▶ **Problem details**
Word for word, copy the line containing "this 1280×1440 image." and each line after it in the records below, ending with the last line.

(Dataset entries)
┄┄┄┄┄┄┄┄┄┄
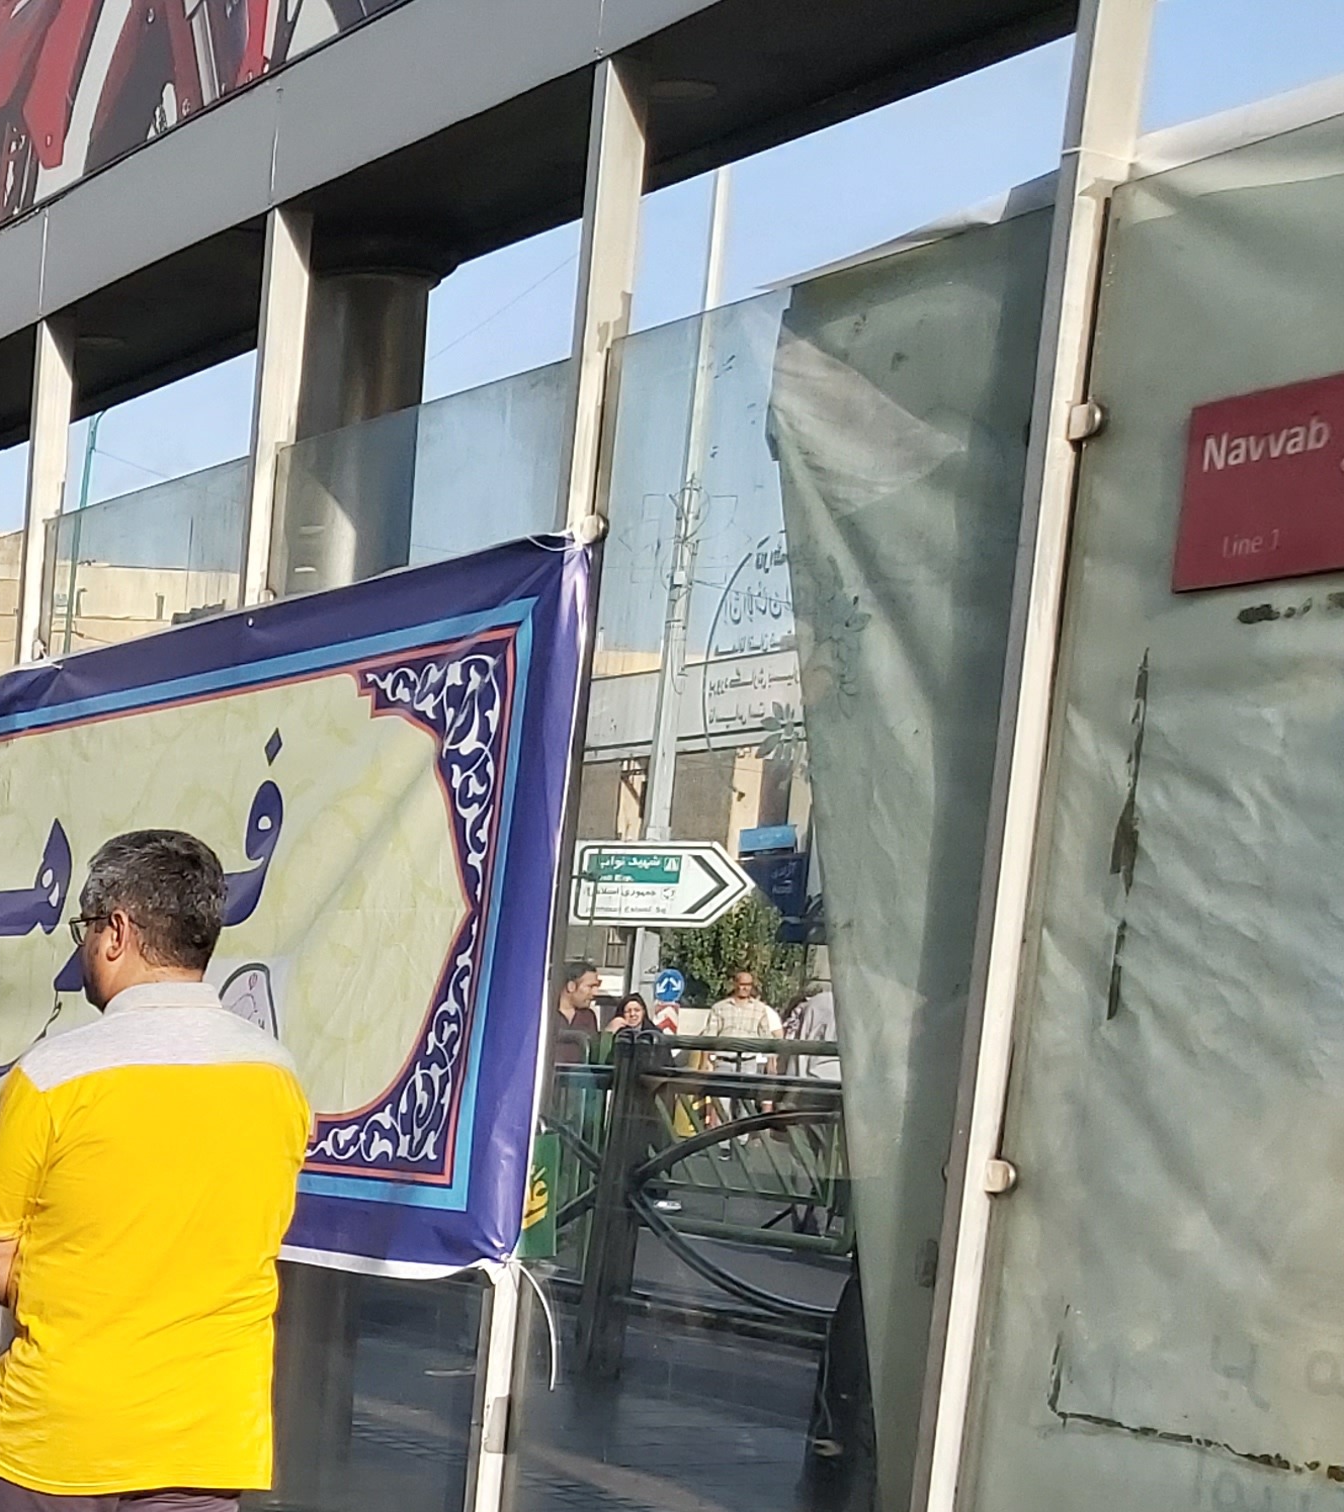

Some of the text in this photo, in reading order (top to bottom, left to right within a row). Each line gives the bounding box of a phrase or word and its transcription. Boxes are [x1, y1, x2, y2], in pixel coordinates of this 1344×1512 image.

[1202, 416, 1330, 473] Navvab
[1222, 533, 1263, 559] Line
[628, 856, 661, 869] شهید
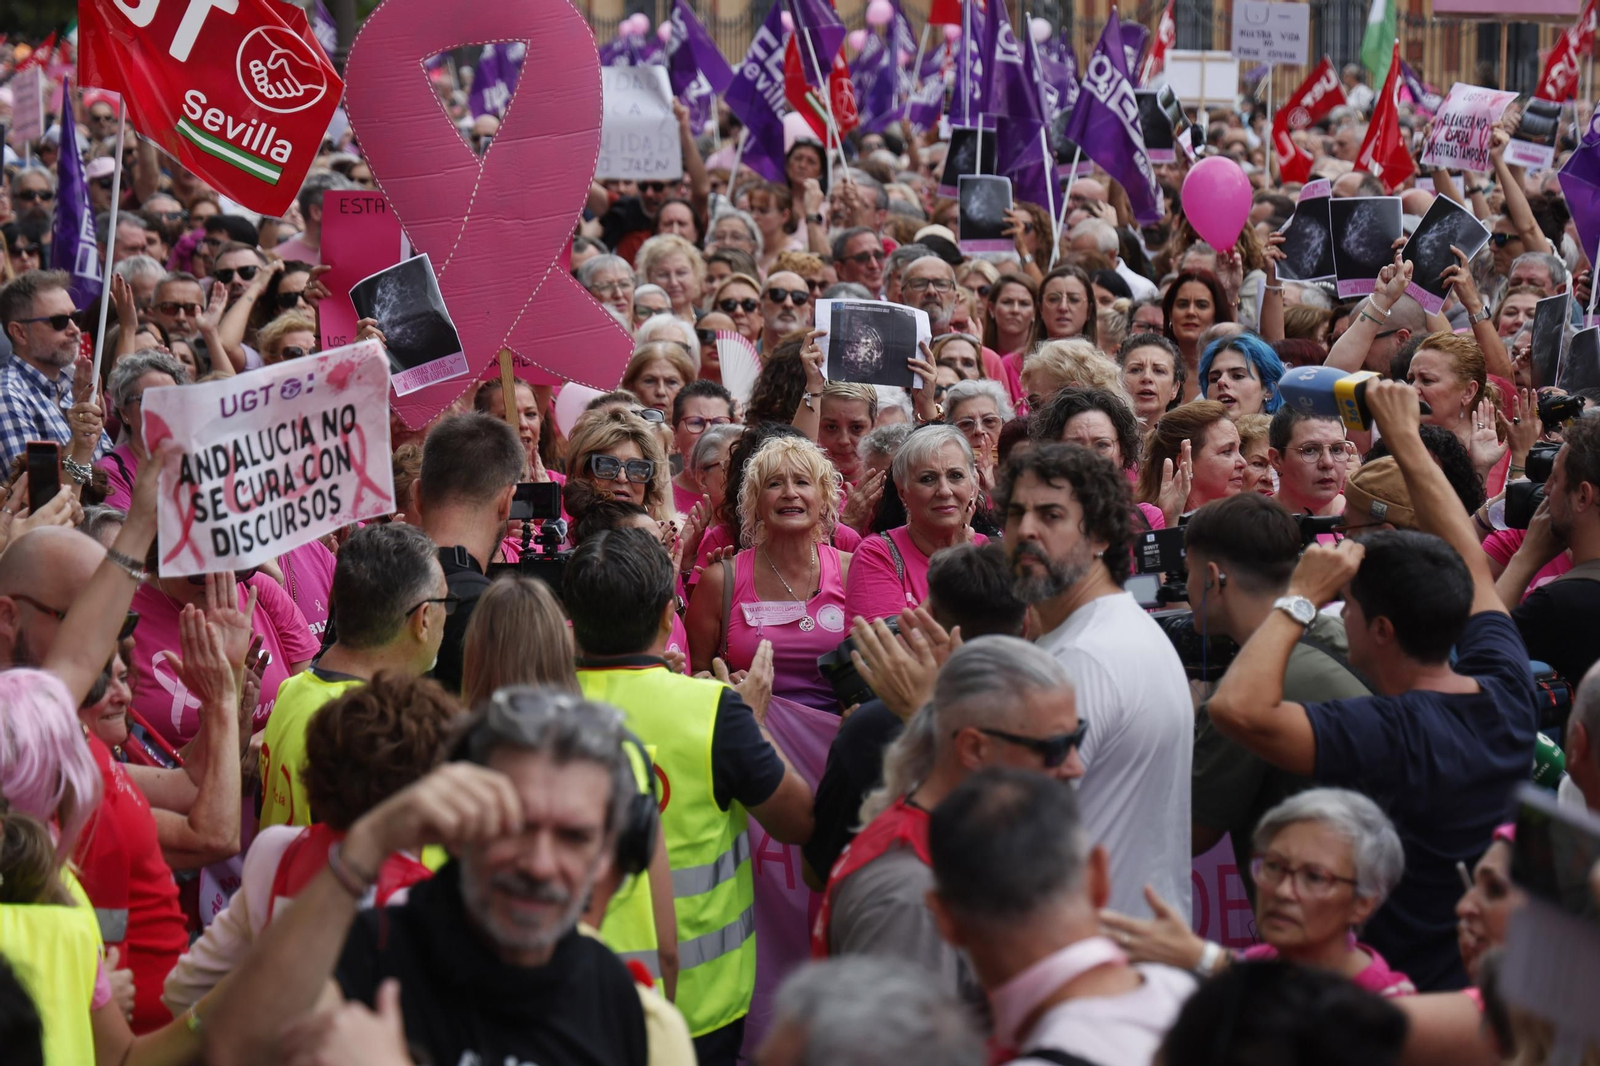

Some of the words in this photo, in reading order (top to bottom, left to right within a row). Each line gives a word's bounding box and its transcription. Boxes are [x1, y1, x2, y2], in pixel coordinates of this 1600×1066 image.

[182, 89, 293, 164] Sevilla
[340, 198, 386, 214] ESTA
[328, 334, 346, 348] LOS
[428, 360, 447, 372] VIDAS
[220, 384, 275, 418] UGT
[180, 416, 316, 486] ANDALUCIA
[322, 404, 356, 442] NO
[191, 486, 228, 523] SE
[234, 461, 297, 513] CURA
[302, 441, 352, 486] CON
[210, 483, 342, 558] DISCURSOS
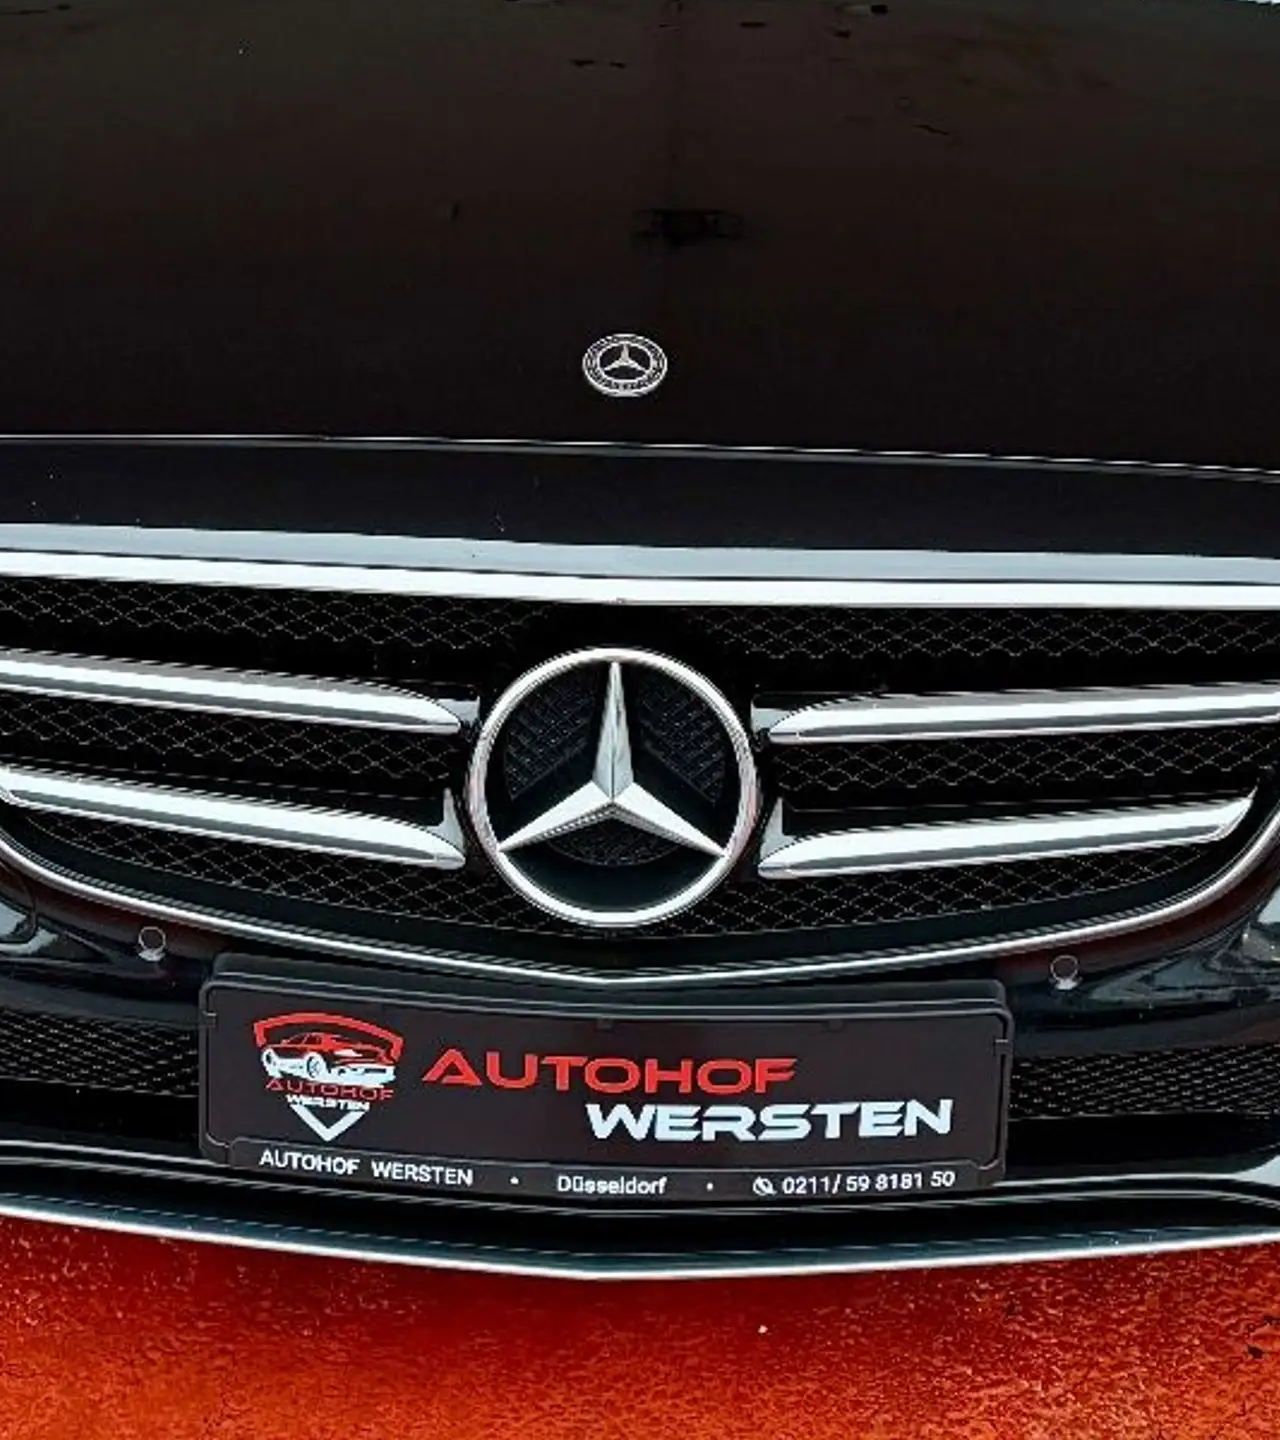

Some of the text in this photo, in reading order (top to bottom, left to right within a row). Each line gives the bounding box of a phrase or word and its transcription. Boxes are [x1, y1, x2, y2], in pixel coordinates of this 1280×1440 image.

[265, 1077, 395, 1102] AUTOHOF
[421, 1047, 798, 1095] AUTOHOF
[286, 1094, 370, 1112] WERSTEN
[585, 1098, 953, 1142] WERSTEN
[259, 1149, 361, 1176] AUTOHOF
[370, 1160, 474, 1187] WERSTEN
[556, 1175, 668, 1196] Düsseldorf
[845, 1175, 871, 1193] 59
[875, 1172, 923, 1192] 8181
[930, 1170, 956, 1189] 50
┄┄┄┄┄┄┄┄┄┄
▶ **Output of the exercise**
Some of the text in this photo, in reading order (top to bottom, left to right within a row). Each line gives the bounding box of a phrase or word and its transcription. Boxes are [x1, y1, x2, y2], in pixel coordinates of this 1280×1440 image.

[265, 1077, 395, 1102] AUTOHOF
[421, 1047, 798, 1095] AUTOHOF
[286, 1094, 370, 1112] WERSTEN
[585, 1098, 953, 1142] WERSTEN
[259, 1149, 361, 1176] AUTOHOF
[370, 1160, 474, 1187] WERSTEN
[556, 1175, 668, 1196] Düsseldorf
[845, 1175, 871, 1193] 59
[875, 1172, 923, 1192] 8181
[930, 1170, 956, 1189] 50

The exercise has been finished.